Liquid Adhesion is the principle of physics that explains how as liquids flow, they adhere to the surface across which they are traveling. In gutters, liquid adhesion is seen as water is corralled into a gutter over a surface. The LeafGuard gutter system is based on the principle of liquid adhesion
When there’s too much water for the gutter either due to an obstruction or clog within the gutter system or simply as the result of more rain than the gutter system can actually handle, the water will flow over the sides of the gutter and can ultimately cause problems for the homeowner .
Also referred to as “plumb cut fascia”, plumb fascia is a rafter beam cut with a plumb line dropped to the ground.
A rain barrel is a large barrel meant for collecting rainwater for reuse. It is place at the end of a downspout in order to collect water that flows through a gutter system.
Rain chains are an alternative to downspouts, performing the same function of directing water downward out of a gutter system. By the process of liquid adhesion, the water flows down the chain instead of dispersing.
Roof pitch is the measure of steepness in a roof, calculated by dividing its vertical rise by its horizontal span. The steeper the pitch, the faster rainwater will run off into the gutter system.
Runoff water is the build up of excess water on the earth’s surface. In the case of a home, runoff water forms on the lawn, especially when a sufficient drainage system is not in place.
A one-piece gutter is a gutter system custom fit to the size of the house. The benefit offered by the one-piece gutter is that it contains no seams, which are a point of vulnerability for water leakage.
Soffit is the area between the top of a house’s side and its roof. It is an exposed undersurface, and gutters are usually hung in close proximity to the soffit.
The splashblock is an extension from the downspout. It functions as a “gutter on the ground”, as it prevents water build up and drives the water farther away from the foundation of the house.
Square Cut Fascia
Square cut fascia is a cut where the tail is square to the rafter. The square cut usually consists of an angle facing inwardly toward the house on the bottom of the rafter.
Exterior trim is any component of wood that sits on a house along with siding and windows.

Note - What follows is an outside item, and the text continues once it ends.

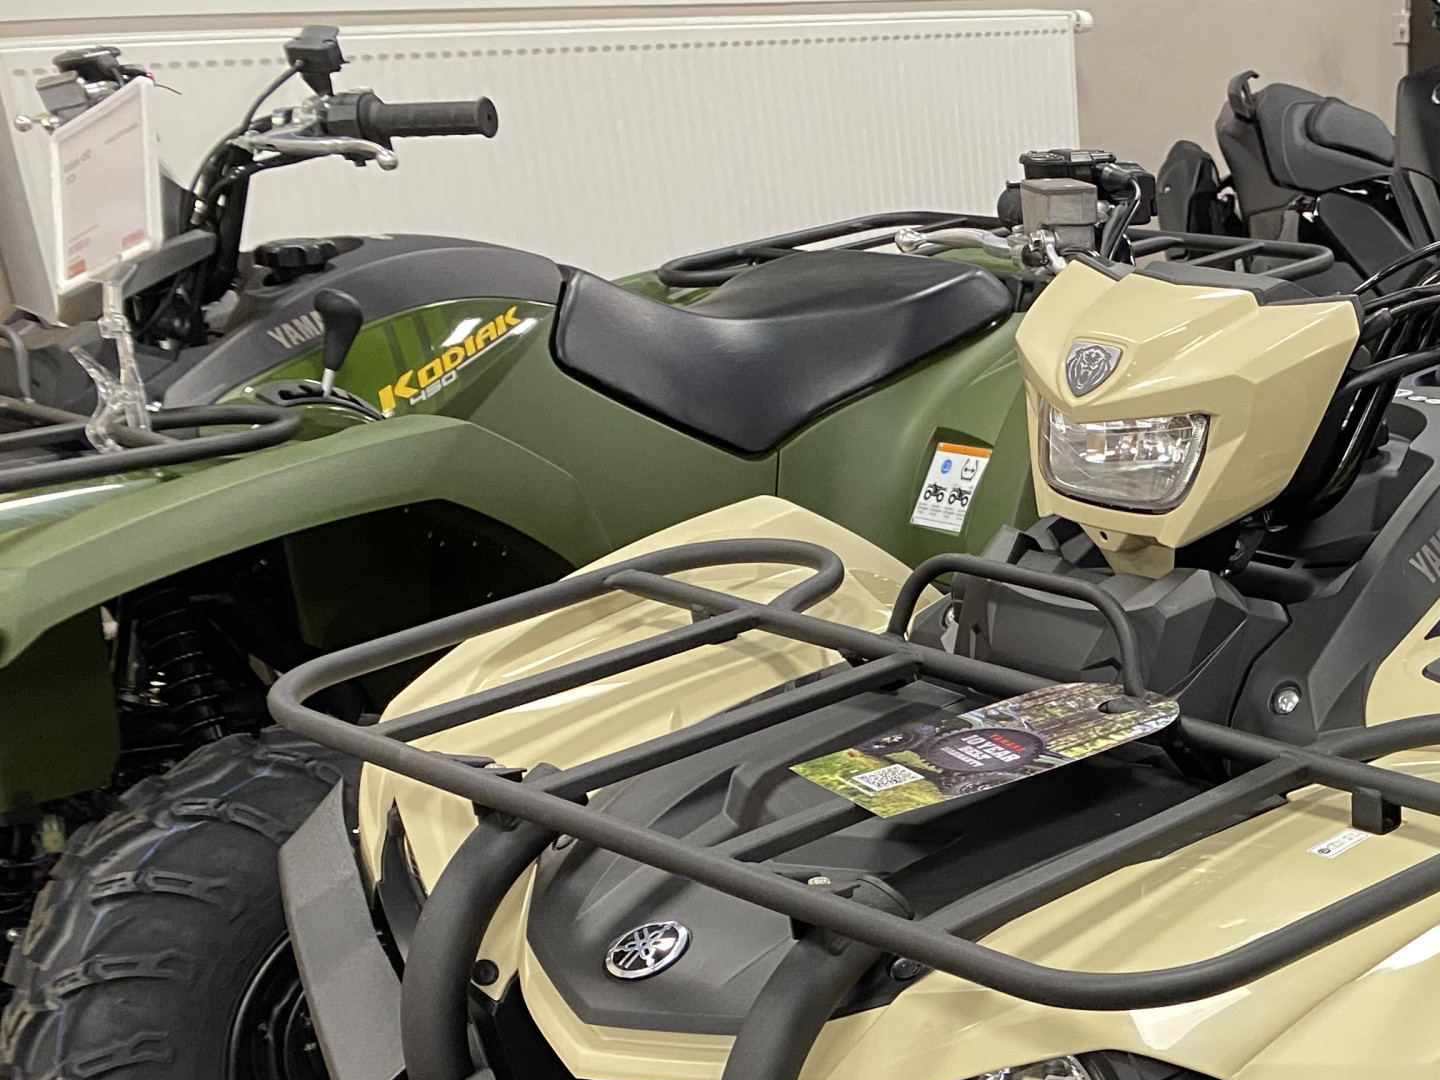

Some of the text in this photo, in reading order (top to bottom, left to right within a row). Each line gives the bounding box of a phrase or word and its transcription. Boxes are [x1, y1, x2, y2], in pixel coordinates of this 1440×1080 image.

It’s particularly vulnerable to rot, and will rot at a quicker rate without a proper gutter system in place.
Also called “u-shape gutters”, U Gutters are half-round gutters and are considered “traditional”.
Water damage as it pertains to gutters refers to an excess of water too close to the home. Damage can be sustained by the basement, the foundation, the fascia and trim, among other parts of the home.
Water flow is the process of driving water away from the house. It involves gutter protection, gutter pitch, downspout placement, among other factors.